The 36-page report makes broad suggestions for how the city should manage the automated decision-making processes it uses to determine everything from crime prediction, building inspections, criminal-justice services placement of students in public schools. The task force leads by calling for the creation of a centralized organizational structure within City Hall to serve as a resource for guiding agencies’ management of their algorithmic decision-making systems. It also suggests adopting a “phased approach” to developing and institutionalizing any guidelines that central operation cooks up.

The report makes equally broad recommendations to “facilitate public education” about the use of algorithms in implementing city policy, including public reporting and engagement with “relevant communities” that might be disproportionately affected by automated decisions.

Mayor Bill de Blasio created the task force in May 2018 following a law passed by members of the New York City Council who had criticized that the city’s reliance on algorithmic decision-making resulted in racially biased policies. But the task force’s year-and-a-half of work did not always go smoothly. It was criticized for taking nearly a full year to hold its first public meetings, and some of its members said New York officials were slow to provide examples of systems they could analyze, despite lists of city-government algorithms being readily available from groups like New York University’s AI Now Institute.

The task force eventually held its first public meeting in April, which featured discussions of algorithms used by the New York Police Department. A second meeting was held in May on the topic of transparency.
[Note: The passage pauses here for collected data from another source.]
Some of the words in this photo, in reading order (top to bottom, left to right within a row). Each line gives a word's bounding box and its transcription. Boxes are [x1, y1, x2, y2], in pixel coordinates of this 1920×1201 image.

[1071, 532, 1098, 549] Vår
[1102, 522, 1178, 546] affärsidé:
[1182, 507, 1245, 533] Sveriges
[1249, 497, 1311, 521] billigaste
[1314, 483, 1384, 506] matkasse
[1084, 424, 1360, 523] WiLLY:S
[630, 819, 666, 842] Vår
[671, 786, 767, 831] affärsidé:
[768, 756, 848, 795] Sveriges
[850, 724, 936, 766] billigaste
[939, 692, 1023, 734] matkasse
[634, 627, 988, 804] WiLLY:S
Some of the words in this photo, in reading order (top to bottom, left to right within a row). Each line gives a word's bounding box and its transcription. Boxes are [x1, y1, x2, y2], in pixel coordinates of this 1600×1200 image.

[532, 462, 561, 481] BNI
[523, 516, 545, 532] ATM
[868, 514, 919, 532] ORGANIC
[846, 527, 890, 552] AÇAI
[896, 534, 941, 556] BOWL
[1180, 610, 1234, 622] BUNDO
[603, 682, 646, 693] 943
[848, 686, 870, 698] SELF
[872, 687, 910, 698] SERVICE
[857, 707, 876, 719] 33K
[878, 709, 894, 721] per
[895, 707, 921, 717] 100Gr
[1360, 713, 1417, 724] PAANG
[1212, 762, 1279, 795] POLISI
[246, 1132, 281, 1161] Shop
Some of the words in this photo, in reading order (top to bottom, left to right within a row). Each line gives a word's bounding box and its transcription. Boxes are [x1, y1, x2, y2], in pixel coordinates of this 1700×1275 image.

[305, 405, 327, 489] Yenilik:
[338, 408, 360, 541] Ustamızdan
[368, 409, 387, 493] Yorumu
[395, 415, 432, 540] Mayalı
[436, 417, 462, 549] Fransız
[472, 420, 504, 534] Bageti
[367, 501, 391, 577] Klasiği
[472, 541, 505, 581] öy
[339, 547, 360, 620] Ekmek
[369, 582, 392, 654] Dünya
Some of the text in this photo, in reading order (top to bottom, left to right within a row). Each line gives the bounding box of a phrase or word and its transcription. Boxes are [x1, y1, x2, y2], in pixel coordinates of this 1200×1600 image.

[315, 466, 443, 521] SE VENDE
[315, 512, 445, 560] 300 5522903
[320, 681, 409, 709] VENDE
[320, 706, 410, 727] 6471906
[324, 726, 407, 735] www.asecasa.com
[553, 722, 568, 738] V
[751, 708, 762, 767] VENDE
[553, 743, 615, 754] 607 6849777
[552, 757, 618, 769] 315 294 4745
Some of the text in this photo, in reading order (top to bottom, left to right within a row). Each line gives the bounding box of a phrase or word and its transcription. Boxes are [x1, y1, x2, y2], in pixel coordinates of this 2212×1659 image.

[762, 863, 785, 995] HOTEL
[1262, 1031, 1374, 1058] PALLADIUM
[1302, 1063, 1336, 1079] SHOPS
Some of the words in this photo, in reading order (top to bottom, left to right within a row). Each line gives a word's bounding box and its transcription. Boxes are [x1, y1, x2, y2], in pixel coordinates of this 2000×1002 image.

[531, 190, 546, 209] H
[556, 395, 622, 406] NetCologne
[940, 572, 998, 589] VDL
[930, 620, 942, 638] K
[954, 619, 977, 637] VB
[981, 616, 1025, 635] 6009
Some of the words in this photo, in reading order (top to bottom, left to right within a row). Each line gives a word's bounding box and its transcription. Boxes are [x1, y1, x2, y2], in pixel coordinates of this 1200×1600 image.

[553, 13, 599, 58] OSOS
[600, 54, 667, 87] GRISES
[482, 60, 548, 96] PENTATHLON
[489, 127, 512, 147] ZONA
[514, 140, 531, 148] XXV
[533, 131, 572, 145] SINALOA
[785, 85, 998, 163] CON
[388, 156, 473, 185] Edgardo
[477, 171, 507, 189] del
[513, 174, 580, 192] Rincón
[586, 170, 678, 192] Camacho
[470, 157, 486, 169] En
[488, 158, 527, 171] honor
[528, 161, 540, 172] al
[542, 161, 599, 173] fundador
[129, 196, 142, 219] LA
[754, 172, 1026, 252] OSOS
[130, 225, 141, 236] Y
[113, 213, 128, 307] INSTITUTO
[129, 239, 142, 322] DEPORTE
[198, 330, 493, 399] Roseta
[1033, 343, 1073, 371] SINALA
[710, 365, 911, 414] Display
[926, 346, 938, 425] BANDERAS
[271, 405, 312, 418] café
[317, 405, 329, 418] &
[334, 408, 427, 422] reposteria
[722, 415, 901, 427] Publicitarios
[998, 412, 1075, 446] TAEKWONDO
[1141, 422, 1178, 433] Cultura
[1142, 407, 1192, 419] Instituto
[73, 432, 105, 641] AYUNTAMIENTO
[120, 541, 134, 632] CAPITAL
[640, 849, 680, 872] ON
But de Blasio appears to be acting quickly on the task force’s suggestion to create a centralized authority to oversee the city’s use of algorithms. On Wednesday, he ordered the creation of the new position of algorithms management and policy officer within the Mayor’s Office of Operations.

“I’m excited that the mayor is creating a position for someone who will carry forward the important work the city has done around algorithms and decision-making,” Jeff Thamkittikasem, the operations office’s director who also chaired the task force, said in a press release.

Still, not everyone who served on the task force was pleased with the report. The group acknowledged that it failed to find consensus on a number of issues, including how to best define how automated decision systems work, leading to at least one member to describe her experience serving on it as “a waste,” The Verge reported.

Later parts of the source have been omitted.